● REQUIRED WORK
Look at each line of the listing. Copy those that hold the string "꼼수쓰는".
*** DATA RECORDS ***
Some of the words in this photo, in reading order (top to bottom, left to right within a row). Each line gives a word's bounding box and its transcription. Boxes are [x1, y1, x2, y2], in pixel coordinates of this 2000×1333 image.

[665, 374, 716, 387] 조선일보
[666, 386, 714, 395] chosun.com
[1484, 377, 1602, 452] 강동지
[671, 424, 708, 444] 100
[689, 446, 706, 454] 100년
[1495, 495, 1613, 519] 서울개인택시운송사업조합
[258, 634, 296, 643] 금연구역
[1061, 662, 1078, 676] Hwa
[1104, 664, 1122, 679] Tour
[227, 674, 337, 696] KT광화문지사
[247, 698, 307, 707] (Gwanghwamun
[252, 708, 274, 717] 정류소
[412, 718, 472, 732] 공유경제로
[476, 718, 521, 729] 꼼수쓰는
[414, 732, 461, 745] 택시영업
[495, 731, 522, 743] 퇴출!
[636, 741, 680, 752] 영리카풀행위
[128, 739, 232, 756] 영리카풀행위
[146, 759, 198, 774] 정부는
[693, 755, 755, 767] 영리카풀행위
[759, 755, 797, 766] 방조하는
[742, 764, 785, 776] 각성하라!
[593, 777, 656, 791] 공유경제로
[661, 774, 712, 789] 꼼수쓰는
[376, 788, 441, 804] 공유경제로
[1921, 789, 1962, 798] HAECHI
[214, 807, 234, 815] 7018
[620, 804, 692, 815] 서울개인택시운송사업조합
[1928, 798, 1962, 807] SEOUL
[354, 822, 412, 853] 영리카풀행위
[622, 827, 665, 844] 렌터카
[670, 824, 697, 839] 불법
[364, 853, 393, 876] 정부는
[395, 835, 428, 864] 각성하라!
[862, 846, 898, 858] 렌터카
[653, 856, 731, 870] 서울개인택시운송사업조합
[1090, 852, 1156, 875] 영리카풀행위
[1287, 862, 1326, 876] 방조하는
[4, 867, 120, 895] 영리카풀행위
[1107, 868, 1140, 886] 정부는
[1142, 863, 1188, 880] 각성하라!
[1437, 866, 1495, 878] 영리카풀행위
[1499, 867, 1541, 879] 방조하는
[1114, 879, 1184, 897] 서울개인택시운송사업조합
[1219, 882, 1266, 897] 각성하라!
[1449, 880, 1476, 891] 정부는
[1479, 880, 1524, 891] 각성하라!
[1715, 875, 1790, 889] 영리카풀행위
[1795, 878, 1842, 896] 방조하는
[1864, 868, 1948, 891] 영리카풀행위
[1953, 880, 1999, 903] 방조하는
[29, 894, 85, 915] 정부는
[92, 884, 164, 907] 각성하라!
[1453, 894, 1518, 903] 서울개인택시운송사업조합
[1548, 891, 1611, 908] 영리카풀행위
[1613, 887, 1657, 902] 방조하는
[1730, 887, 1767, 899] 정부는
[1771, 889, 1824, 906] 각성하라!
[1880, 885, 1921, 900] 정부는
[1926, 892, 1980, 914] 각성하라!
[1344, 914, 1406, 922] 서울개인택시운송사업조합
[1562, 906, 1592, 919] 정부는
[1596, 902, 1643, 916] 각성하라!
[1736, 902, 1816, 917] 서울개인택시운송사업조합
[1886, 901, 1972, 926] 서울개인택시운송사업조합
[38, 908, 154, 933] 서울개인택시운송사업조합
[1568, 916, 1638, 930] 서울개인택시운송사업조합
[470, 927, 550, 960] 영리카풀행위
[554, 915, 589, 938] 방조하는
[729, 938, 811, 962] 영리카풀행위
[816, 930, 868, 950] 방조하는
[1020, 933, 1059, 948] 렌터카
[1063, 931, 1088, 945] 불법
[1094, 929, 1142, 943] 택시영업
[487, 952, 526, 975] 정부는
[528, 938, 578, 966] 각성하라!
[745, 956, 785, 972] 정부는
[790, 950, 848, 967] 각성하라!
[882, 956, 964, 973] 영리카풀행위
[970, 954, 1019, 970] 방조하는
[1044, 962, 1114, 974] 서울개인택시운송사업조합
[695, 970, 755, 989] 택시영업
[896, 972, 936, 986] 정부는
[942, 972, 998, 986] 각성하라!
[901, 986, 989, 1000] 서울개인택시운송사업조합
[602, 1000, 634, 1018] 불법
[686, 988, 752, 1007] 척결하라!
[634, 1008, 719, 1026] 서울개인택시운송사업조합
*** End of DATA RECORDS ***
● OUTPUT OF THE EXERCISE
[476, 718, 521, 729] 꼼수쓰는
[661, 774, 712, 789] 꼼수쓰는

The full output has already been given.